Avamere, with locations in Oregon and Washington, has a high share of short-stay Medicare patients, and both states it operates in have a high concentration of seniors on Medicare Advantage plans. In this case, that can pay off because those organizations increasingly want providers to take on risk and meet high clinical and patient satisfaction standards for bonus pay. Therapy is a risk component Tabor feels he can better manage with an in-house system of internal staff and regional supervisors.

The team started to consider the concept more fully after Avamere picked up a fifth new building in Port Orchard, WA. It had contract therapy but through a different provider than the rest of Avamere’s facilities. The discussion about the changeover led to a bigger discussion about future goals.

“There are some current macro forces at play that are really prompting a lot of operators to really look at their in-house programs,” said President of Rehabilitation JoLynn Munro.  “I think it comes down to things like the financial pressures a lot of our skilled nursing operators are facing. Rehab is no longer a revenue-driver as it was before. And I think the stakes are really high.”

The consistency of in-house assignments also could help attract and keep more highly qualified therapists, Tabor and Munro noted. Avamere is starting its conversion by offering its existing contract therapist, provided by an Avamere-affiliated company, jobs under the SNF arm.

“I think being perceived as part of a team in their skilled nursing facility is really attractive to therapists,” said Munro.

And Avamere wants to make the most of their willingness to be part of the interdisciplinary team. Tabor expects rounding therapists could help bulk up Part B therapy for long-term Medicaid patients who experience a subtle change in condition that might not have been seen as regularly under a contract model.

“We will see greater productivity out of the therapist,” Tabor said. “We will see greater Part B utilization, which to me means that patients who have therapy needs are being seen more frequently. We see higher case-mix index scores because therapists are in treating patients that, maybe traditionally on Medicaid, they’re not being seen as frequently because of a cost structure. So I’ve eliminated the additional cost of the management company.”

Treating changes sooner also could also decrease hospitalizations and improve quality of life because now the patients if it promotes independence, mobility or cognition.

“That’s the quality that I want to have Avamere be known for,” Tabor said.

Rehab regains influence

On the Medicare side, Tabor expects a therapy program with better oversight could drive down length of stay, which would attract something that managed care payers want, as long as rehospitalizations also stay low.

And the ability to hire therapists with specific skill sets for certain buildings, or encourage additional certifications in support of a speciality program, is also attractive to company leaders who right now see themselves as “generalists.”

“This gives us the ability to have magnet facilities where we could say that not only do we do traditional rehab, but we also have greater expertise in wound care, etc.,” Tabor said. “Building greater expertise in pain management in this building or greater expertise in cardiac, whatever it might be.
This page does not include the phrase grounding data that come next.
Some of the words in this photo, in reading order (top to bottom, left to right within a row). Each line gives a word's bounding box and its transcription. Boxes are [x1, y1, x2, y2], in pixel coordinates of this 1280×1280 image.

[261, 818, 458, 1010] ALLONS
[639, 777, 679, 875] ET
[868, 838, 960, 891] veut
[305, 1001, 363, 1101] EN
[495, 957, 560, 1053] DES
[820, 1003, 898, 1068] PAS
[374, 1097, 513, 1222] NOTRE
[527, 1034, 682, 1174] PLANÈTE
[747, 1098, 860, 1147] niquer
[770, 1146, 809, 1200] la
This does allow us to have a vision of specialization and the ability to recruit, whereas a contract company may be more limited and challenged to do that.”

To start the conversion, Avamere hired Munro, who also previously worked for the affiliated therapy provider. Avamere also has started onboarding recruiters and setting up payroll for the therapists who will now come under Avamere control. The switchover will occur in three rounds, with the last of buildings converted by December.

Meanwhile, amid this major undertaking, the company continues to look for additional opportunities to grow and promote its new approach to therapy.

“I want to take good buildings to great buildings,” Tabor said, emphasizing his ongoing interest in operations along the Northwest’s I-5 corridor. “I’ve probably looked at somewhere between 25 and 30 facilities over the last year and chose five, so I’m being selective. No growth for growth’s sake.”